[Data excerpts]
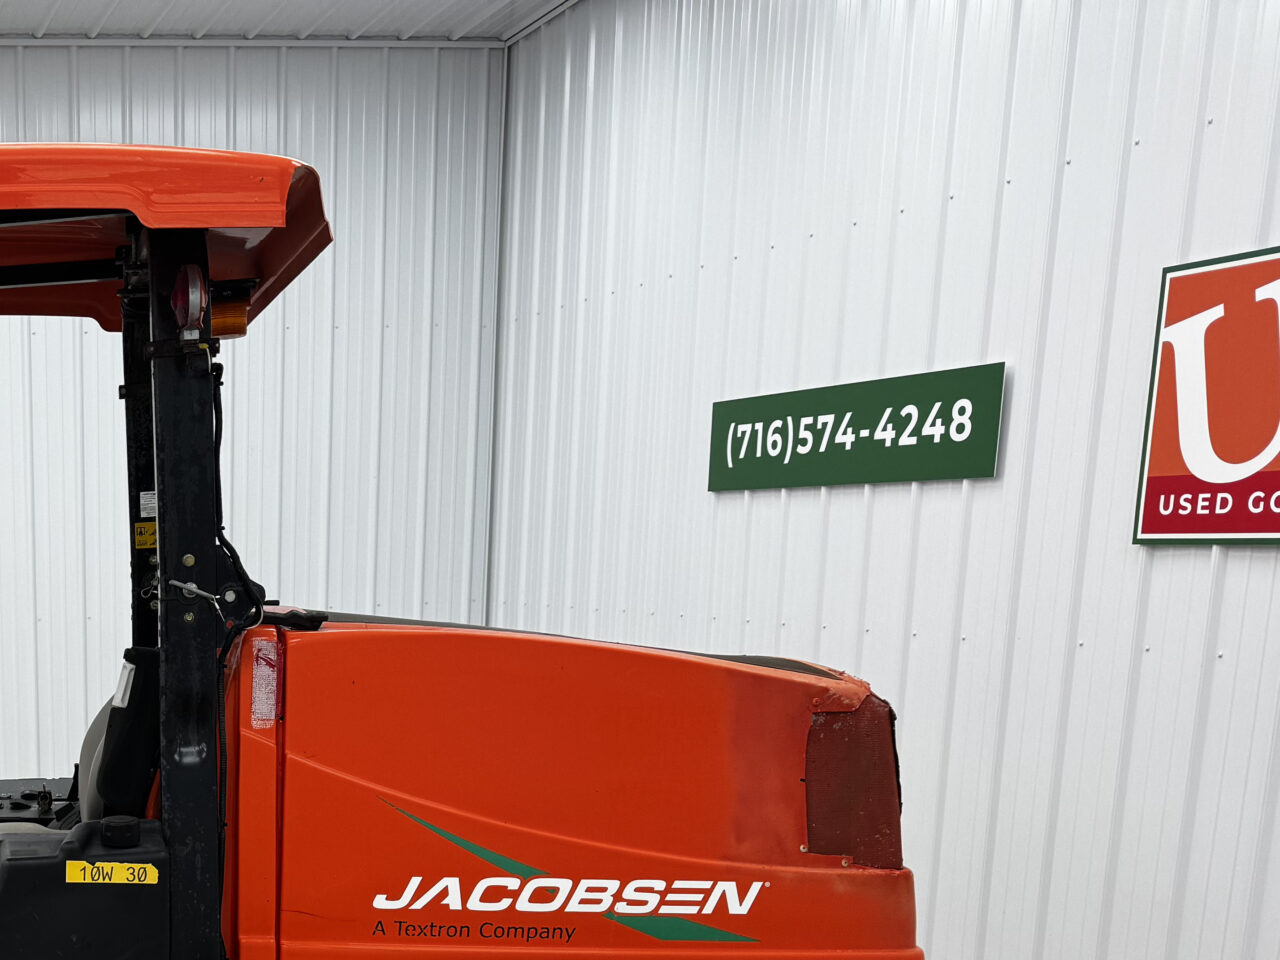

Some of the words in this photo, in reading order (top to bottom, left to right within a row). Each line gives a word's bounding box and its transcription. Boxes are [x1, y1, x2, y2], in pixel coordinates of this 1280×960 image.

[726, 399, 973, 468] (716)574-4248
[1159, 493, 1232, 515] USED
[80, 866, 114, 882] 10W
[126, 866, 148, 883] 30
[373, 877, 763, 914] JACOBSEN
[373, 921, 385, 935] A
[395, 921, 470, 937] Textron
[480, 923, 576, 943] Company
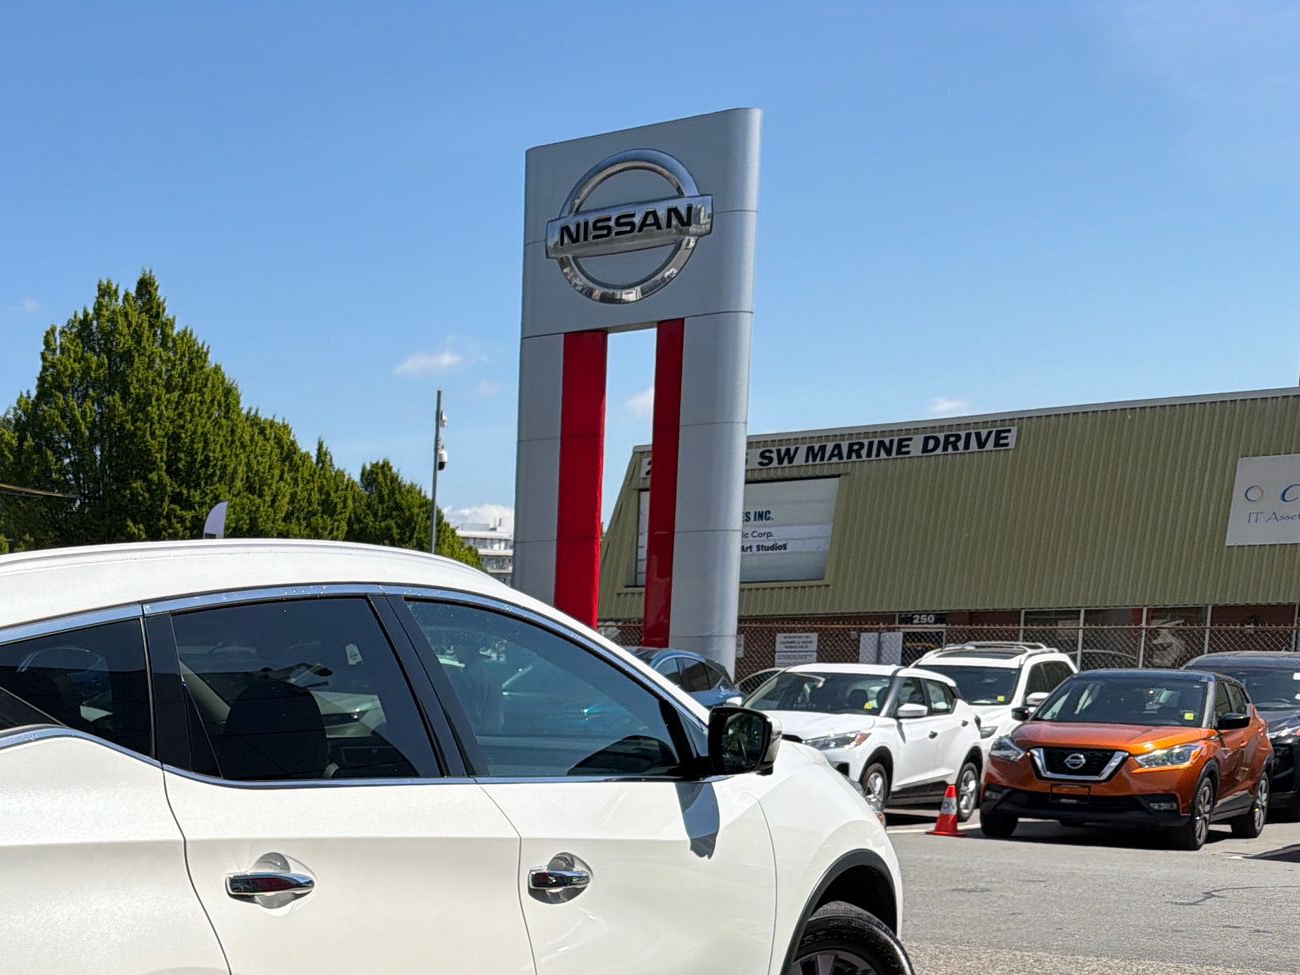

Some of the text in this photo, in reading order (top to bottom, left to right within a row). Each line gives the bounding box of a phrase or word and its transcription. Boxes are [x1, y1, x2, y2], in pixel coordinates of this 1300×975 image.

[559, 203, 693, 247] NISSAN
[757, 446, 800, 467] SW
[804, 437, 913, 463] MARINE
[920, 428, 1012, 455] DRIVE
[753, 510, 774, 522] INC.
[751, 530, 774, 539] Corp.
[756, 543, 788, 552] Studios
[912, 614, 935, 624] 250
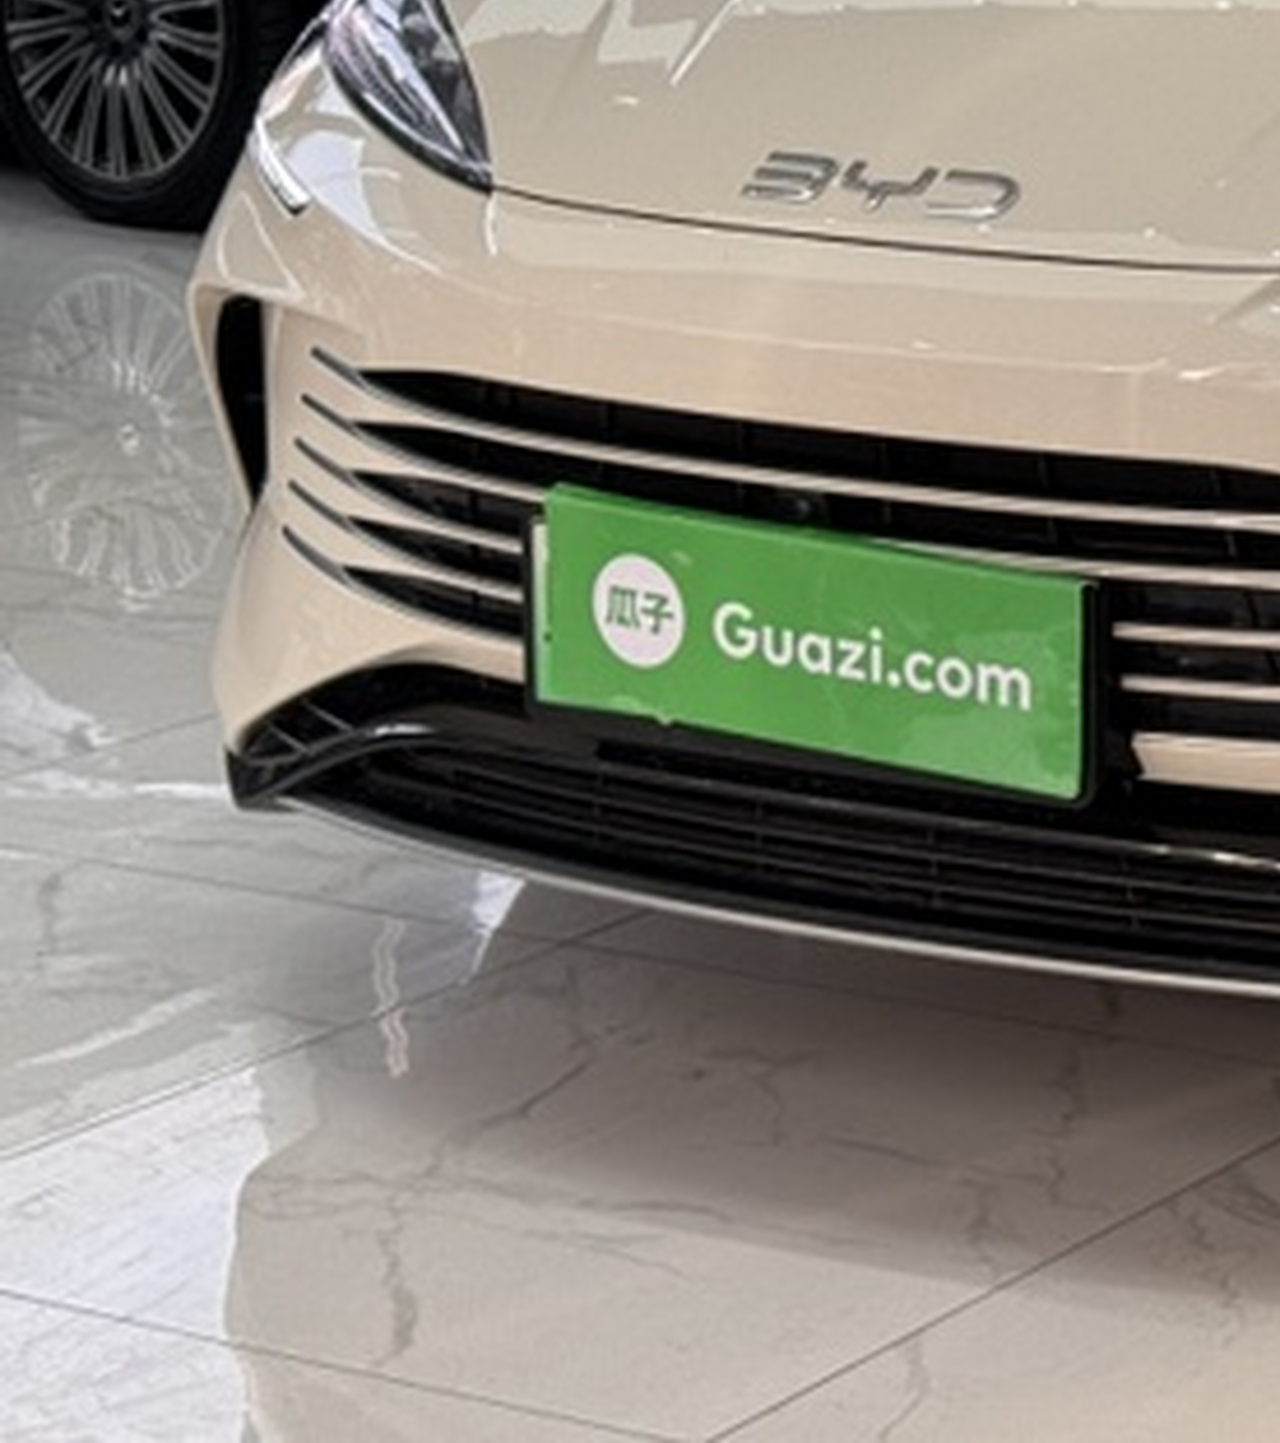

Aim of the exercise >>
Once the pictures are set aside, write out each record exactly.

Solution below >>
Some of the words in this photo, in reading order (top to bottom, left to right within a row). Each line gives a word's bounding box and its transcription. Boxes are [x1, y1, x2, y2], in pixel coordinates of this 1280×960 image.

[726, 399, 973, 468] (716)574-4248
[1159, 493, 1232, 515] USED
[80, 866, 114, 882] 10W
[126, 866, 148, 883] 30
[373, 877, 763, 914] JACOBSEN
[373, 921, 385, 935] A
[395, 921, 470, 937] Textron
[480, 923, 576, 943] Company

Some of the text in this photo, in reading order (top to bottom, left to right within a row). Each line gives the bounding box of a phrase or word and its transcription. Boxes are [x1, y1, x2, y2], in pixel coordinates of this 1300×975 image.

[559, 203, 693, 247] NISSAN
[757, 446, 800, 467] SW
[804, 437, 913, 463] MARINE
[920, 428, 1012, 455] DRIVE
[753, 510, 774, 522] INC.
[751, 530, 774, 539] Corp.
[756, 543, 788, 552] Studios
[912, 614, 935, 624] 250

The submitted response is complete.